Project description:Chronic renal allograft dysfunction (CAD) is a major limiting factor of long-term graft survival. The hallmarks of progressive CAD are interstitial fibrosis and tubular atrophy (IFTA). MicroRNAs are small, regulatory RNAs involved in many immunological processes. In particular, microRNA-21-5p (miR-21) is considered to be strongly associated with pathogenesis regarding tubulointerstitium.

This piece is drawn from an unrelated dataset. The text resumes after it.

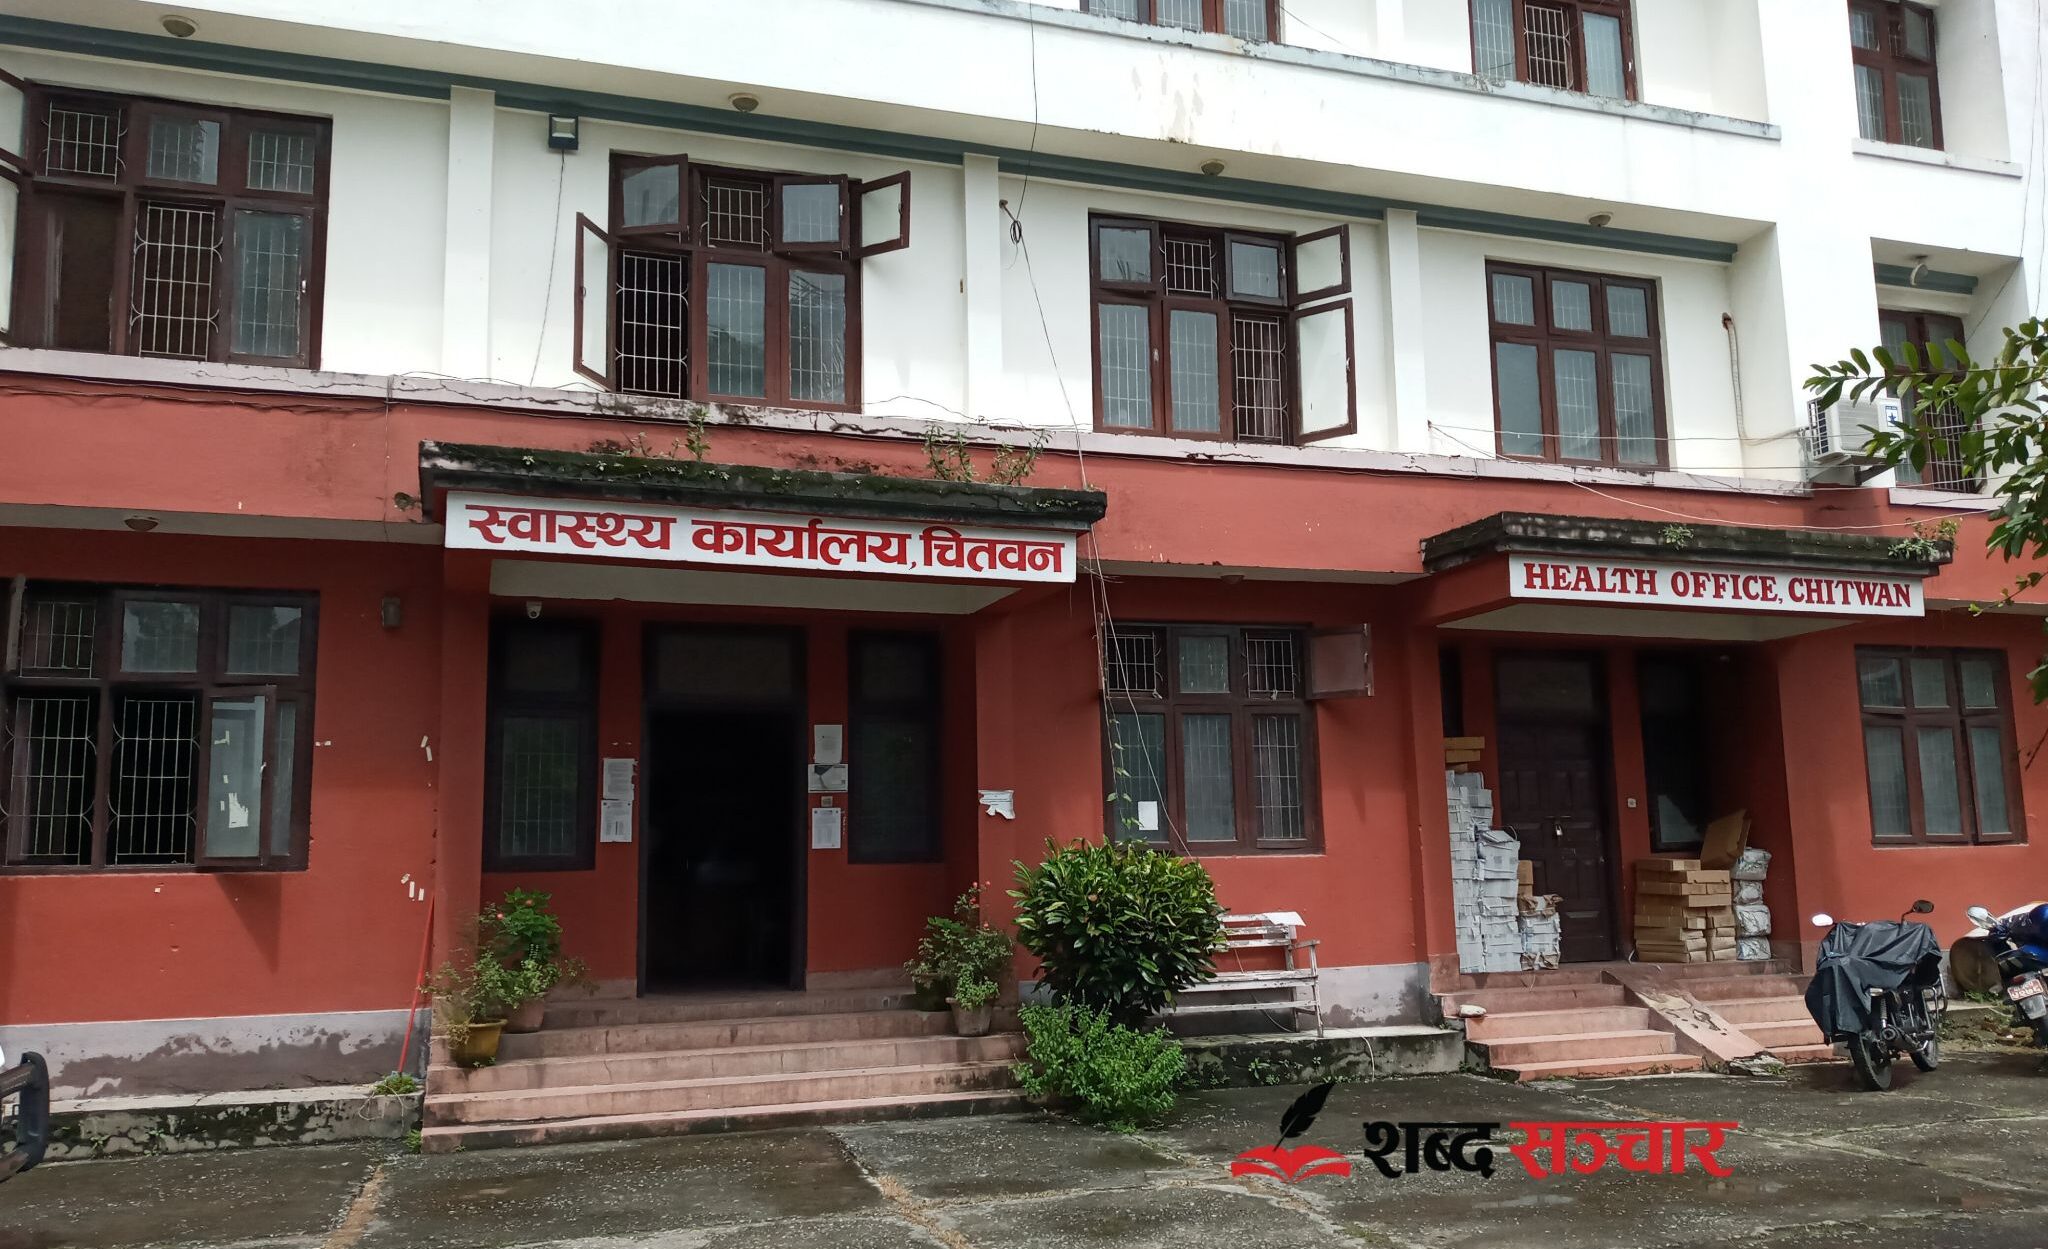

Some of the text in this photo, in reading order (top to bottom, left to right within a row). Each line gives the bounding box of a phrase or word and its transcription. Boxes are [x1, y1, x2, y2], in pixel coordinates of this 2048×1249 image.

[920, 526, 1065, 573] चितवन
[1523, 562, 1911, 607] HEALTH OFFICE, CHITWAN
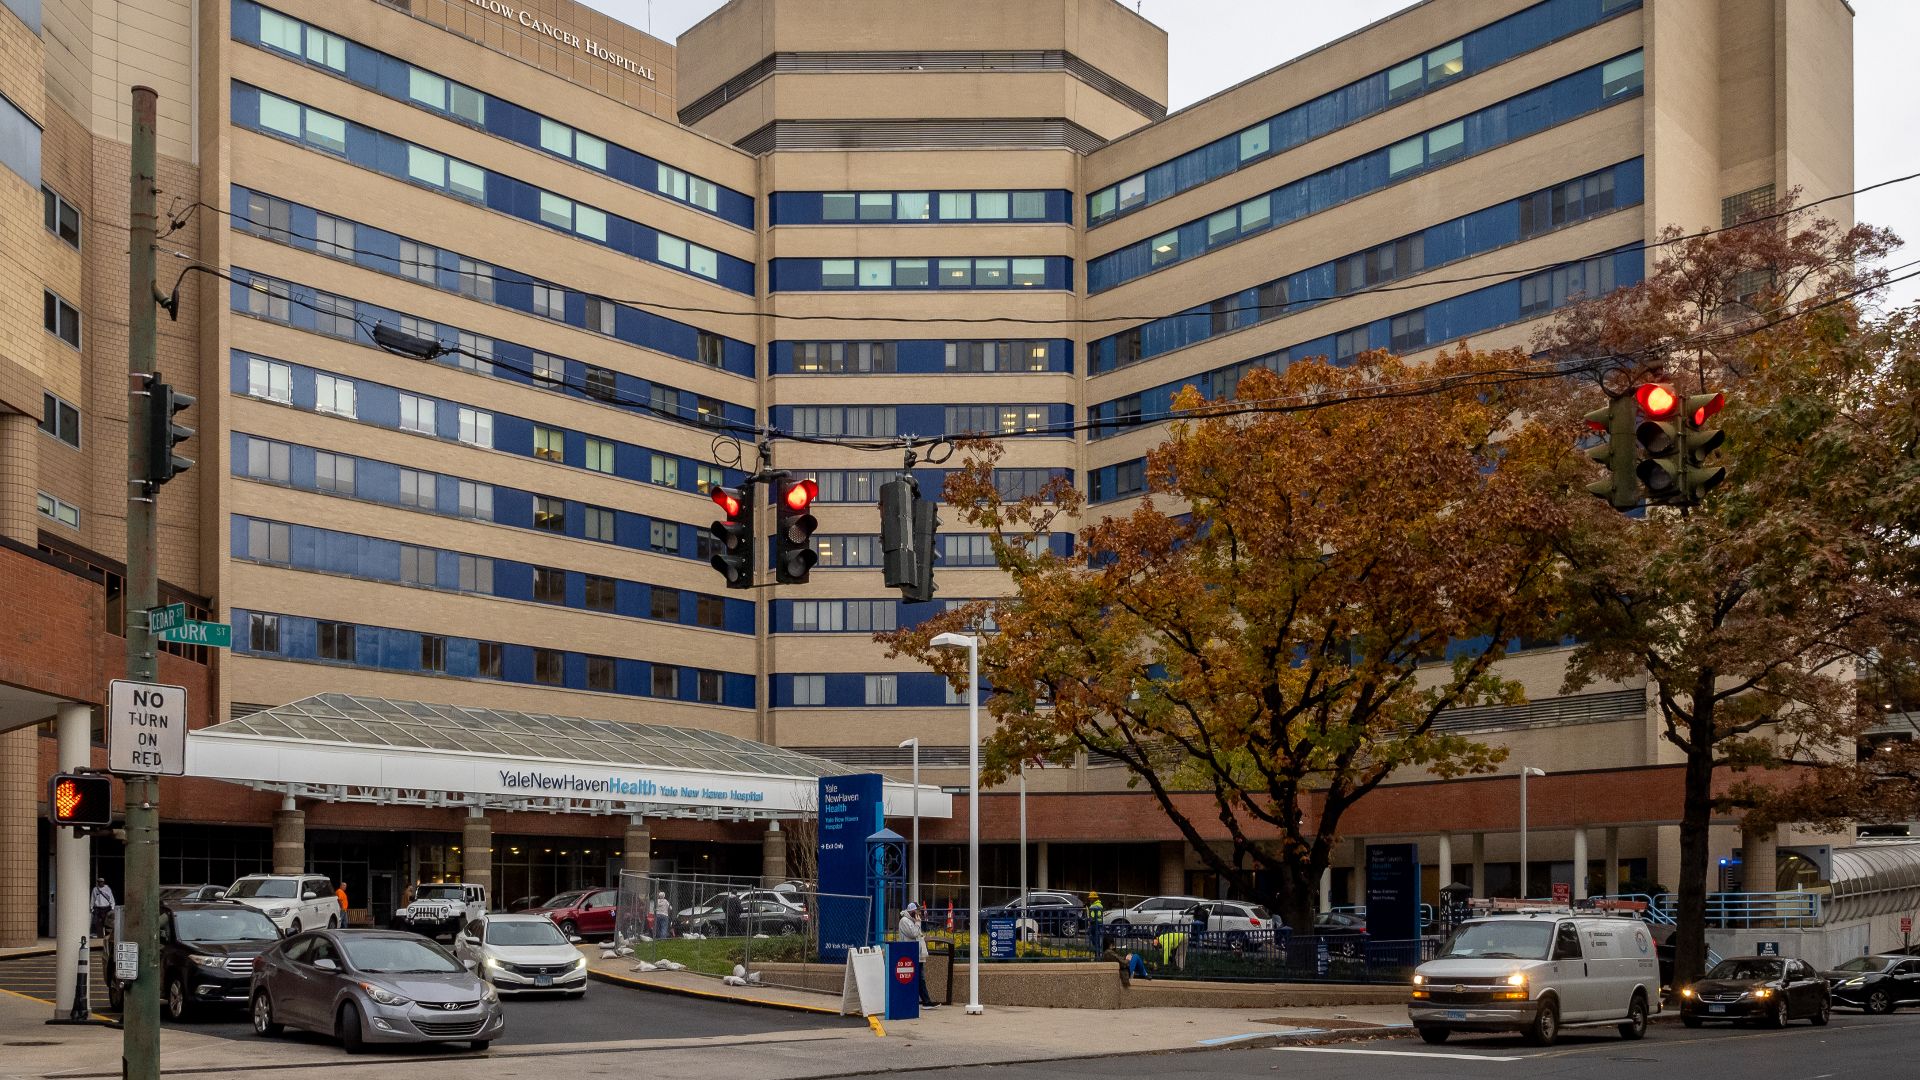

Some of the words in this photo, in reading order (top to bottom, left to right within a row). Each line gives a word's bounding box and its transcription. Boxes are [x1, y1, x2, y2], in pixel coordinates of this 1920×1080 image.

The aim of this study was to assess urinary miR-21 expression levels in the kidney transplant recipients and determine their application in the evaluation of IFTA and kidney allograft function. The expression levels of miR-21 were quantified in the urine of 31 kidney transplant recipients with biopsy-assessed IFTA (IFTA 0 + I: n = 17; IFTA II + III: n = 14) by real-time quantitative PCR. Urine samples were collected at the time of protocolar biopsies performed 1 or 2 years after kidney transplantation. MicroRNA-191-5p was used as reference gene. MiR-21 was significantly up-regulated in IFTA II + III group compared to IFTA 0 + I group (p = 0.003). MiR-21 correlated significantly with serum concentration of creatinine (r = 0.52, p = 0.003) and eGFR (r = -0.45; p = 0.01). ROC analysis determined the diagnostic value of miR-21 with an area under curve (AUC) of 0.80 (p = 0.0002), sensitivity of 0.86 and specificity of 0.71. miR-21 is associated with renal allograft dysfunction and IFTA. Therefore, it could be considered as a potential diagnostic, non-invasive biomarker for monitoring renal graft function.